- EXERCISE DESCRIPTION
The records below are to be repeated exactly, minus any pictures.

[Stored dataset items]

==*==

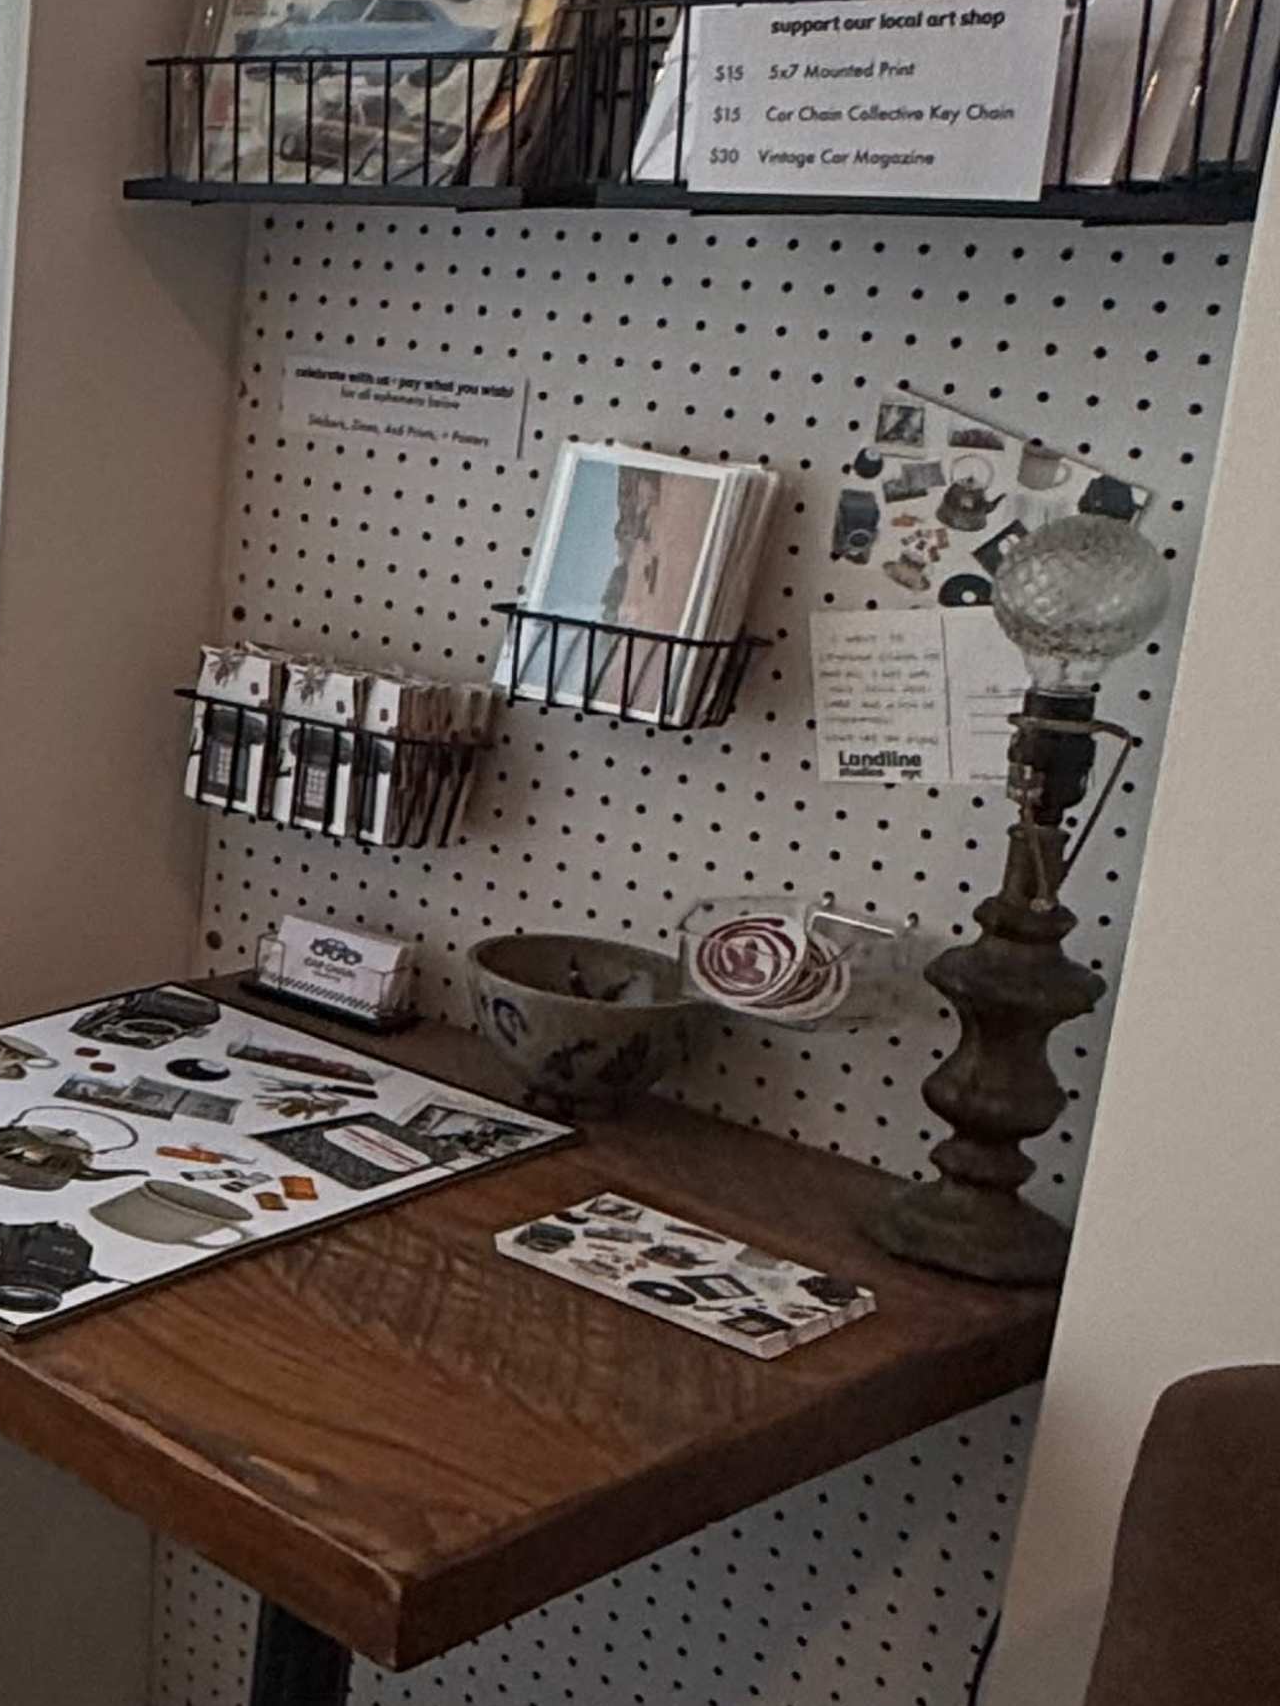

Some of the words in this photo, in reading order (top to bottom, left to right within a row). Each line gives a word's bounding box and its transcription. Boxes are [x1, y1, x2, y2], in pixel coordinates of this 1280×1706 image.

[771, 16, 840, 36] support
[843, 16, 876, 31] our
[880, 11, 922, 29] local
[927, 11, 956, 27] art
[960, 9, 1005, 28] shop
[714, 65, 744, 82] $15
[768, 64, 800, 80] 5x7
[804, 59, 874, 79] Mounted
[879, 61, 915, 77] Print
[713, 106, 741, 124] $15
[766, 106, 793, 122] Car
[798, 105, 842, 121] Chain
[848, 105, 924, 121] Collective
[930, 104, 960, 125] Key
[966, 104, 1015, 120] Chain
[709, 147, 740, 165] $30
[758, 148, 815, 168] Vintage
[820, 148, 849, 164] Car
[853, 149, 935, 169] Magazine
[398, 378, 421, 391] pay
[424, 379, 454, 392] what
[456, 385, 479, 396] you
[839, 750, 922, 767] Landline
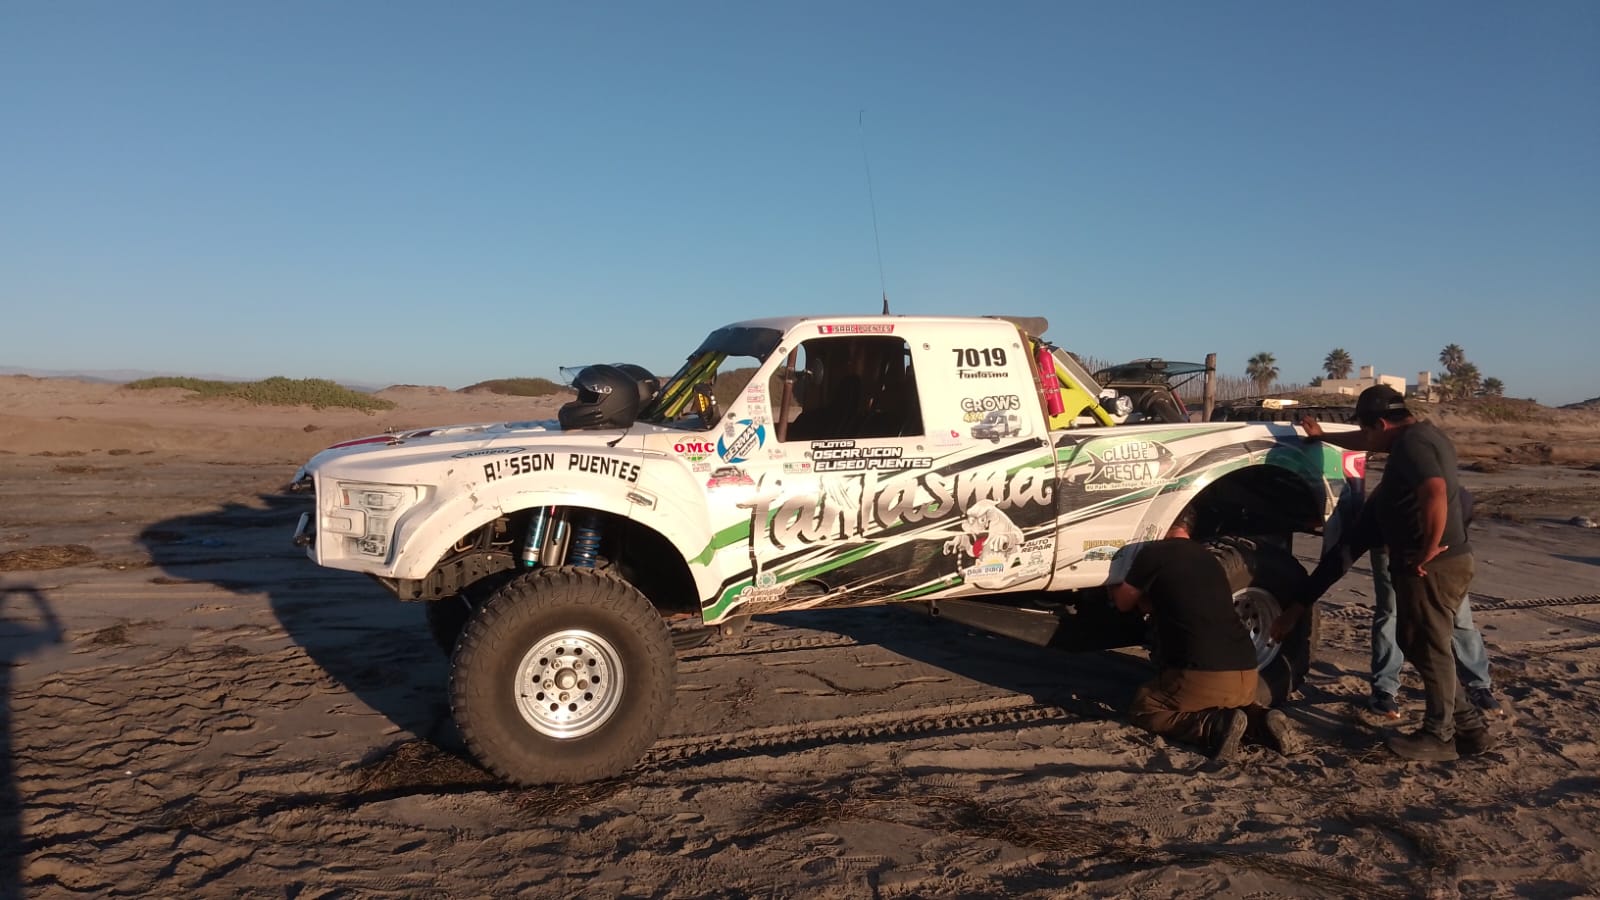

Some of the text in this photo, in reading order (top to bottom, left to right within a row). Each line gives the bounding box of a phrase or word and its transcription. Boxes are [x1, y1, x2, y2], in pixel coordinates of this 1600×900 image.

[951, 347, 1007, 368] 7019
[960, 394, 1020, 413] CROWS
[673, 442, 715, 453] OMC
[811, 440, 854, 449] PILOTOS
[813, 447, 902, 460] OSCAR LICON
[1103, 442, 1140, 461] CLUB
[568, 453, 641, 483] PUENTES
[867, 458, 932, 470] PUENTES
[1105, 462, 1152, 481] PESCA
[1021, 543, 1053, 553] REPAIR
[1025, 538, 1049, 548] AUTO
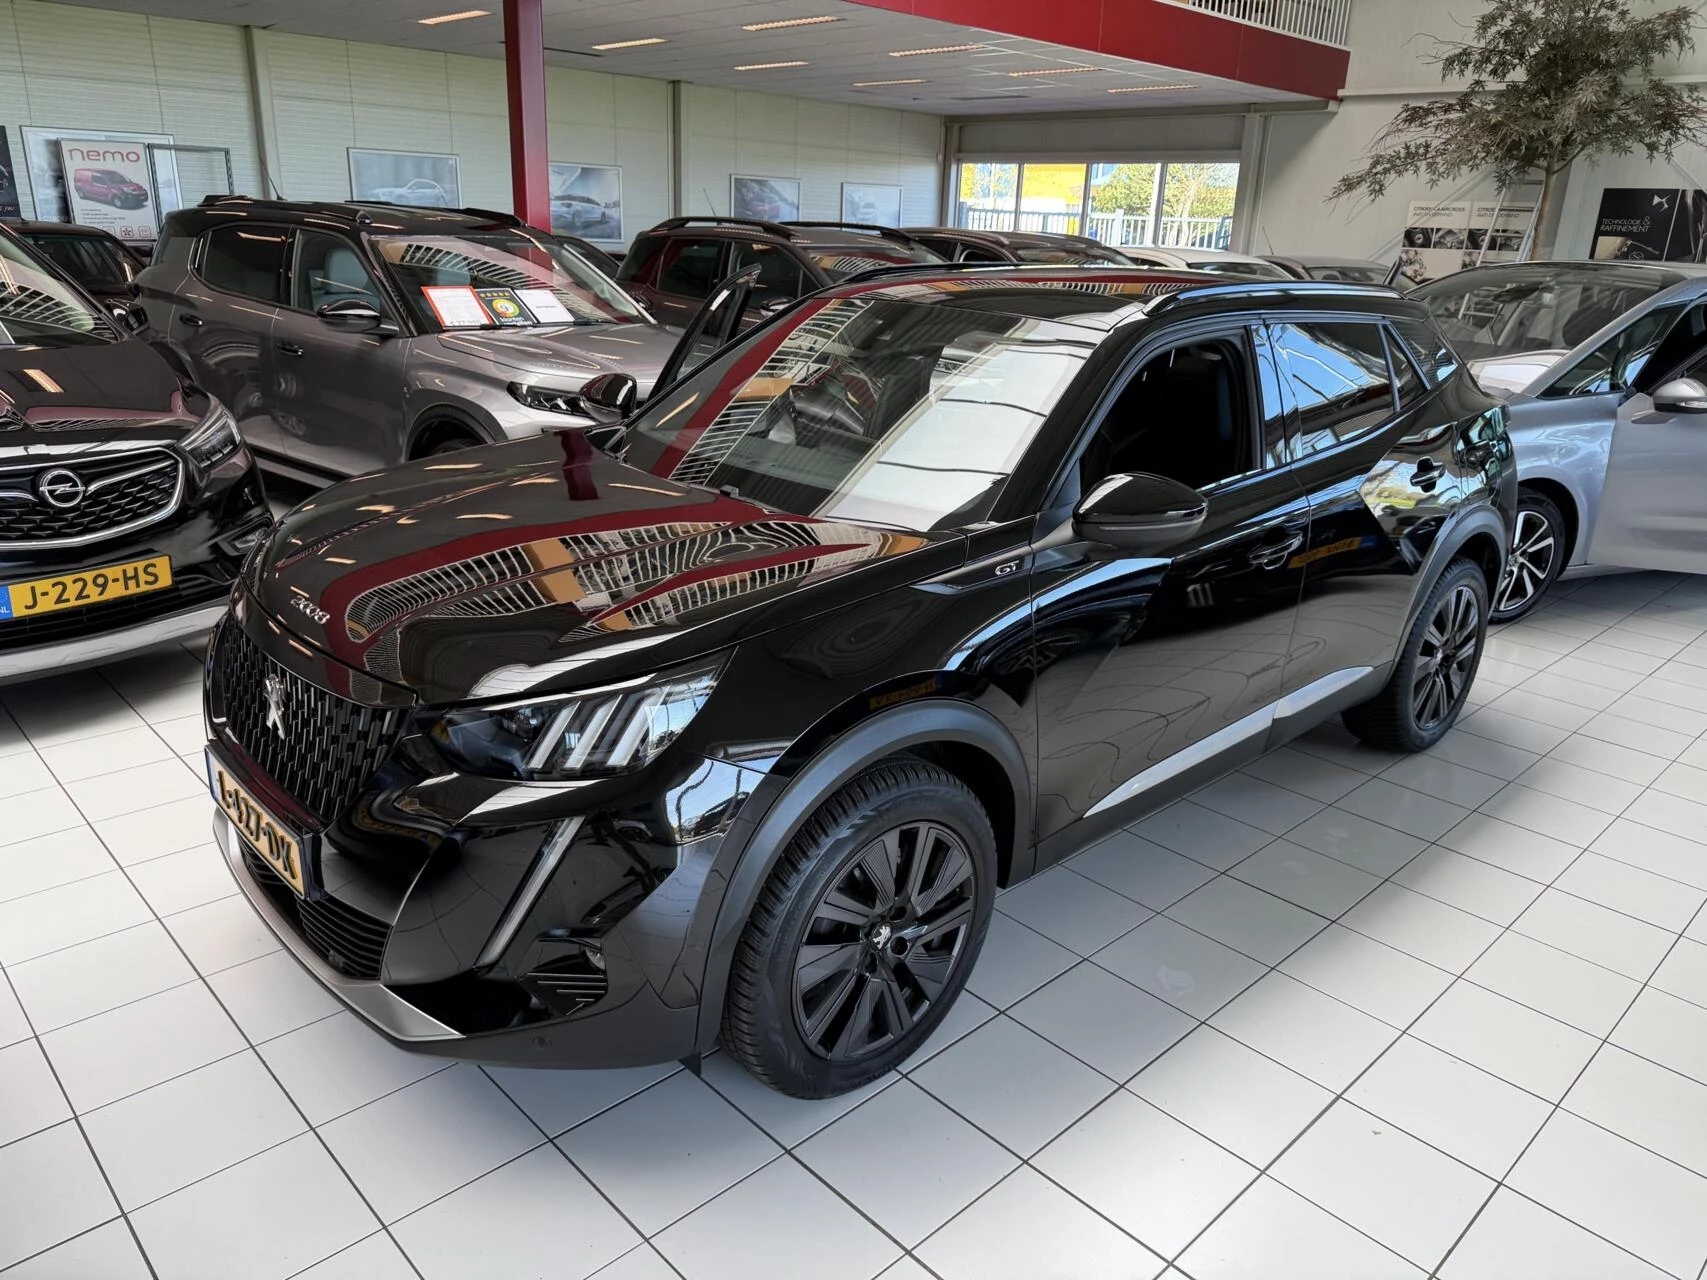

==*==

- SOLUTION TO THE PROBLEM
Some of the words in this photo, in reading order (top to bottom, left to right within a row). Each line gives a word's bounding box and its transcription. Boxes are [x1, y1, x2, y2], in pixel coordinates of this 1280×1706 image.

[771, 16, 840, 36] support
[843, 16, 876, 31] our
[880, 11, 922, 29] local
[927, 11, 956, 27] art
[960, 9, 1005, 28] shop
[714, 65, 744, 82] $15
[768, 64, 800, 80] 5x7
[804, 59, 874, 79] Mounted
[879, 61, 915, 77] Print
[713, 106, 741, 124] $15
[766, 106, 793, 122] Car
[798, 105, 842, 121] Chain
[848, 105, 924, 121] Collective
[930, 104, 960, 125] Key
[966, 104, 1015, 120] Chain
[709, 147, 740, 165] $30
[758, 148, 815, 168] Vintage
[820, 148, 849, 164] Car
[853, 149, 935, 169] Magazine
[398, 378, 421, 391] pay
[424, 379, 454, 392] what
[456, 385, 479, 396] you
[839, 750, 922, 767] Landline

Some of the text in this photo, in reading order (top to bottom, left to right within a row). Each line gives the bounding box of a phrase or word and its transcription. Boxes are [x1, y1, x2, y2], in pixel coordinates of this 1600×900 image.

[951, 347, 1007, 368] 7019
[960, 394, 1020, 413] CROWS
[673, 442, 715, 453] OMC
[811, 440, 854, 449] PILOTOS
[813, 447, 902, 460] OSCAR LICON
[1103, 442, 1140, 461] CLUB
[568, 453, 641, 483] PUENTES
[867, 458, 932, 470] PUENTES
[1105, 462, 1152, 481] PESCA
[1021, 543, 1053, 553] REPAIR
[1025, 538, 1049, 548] AUTO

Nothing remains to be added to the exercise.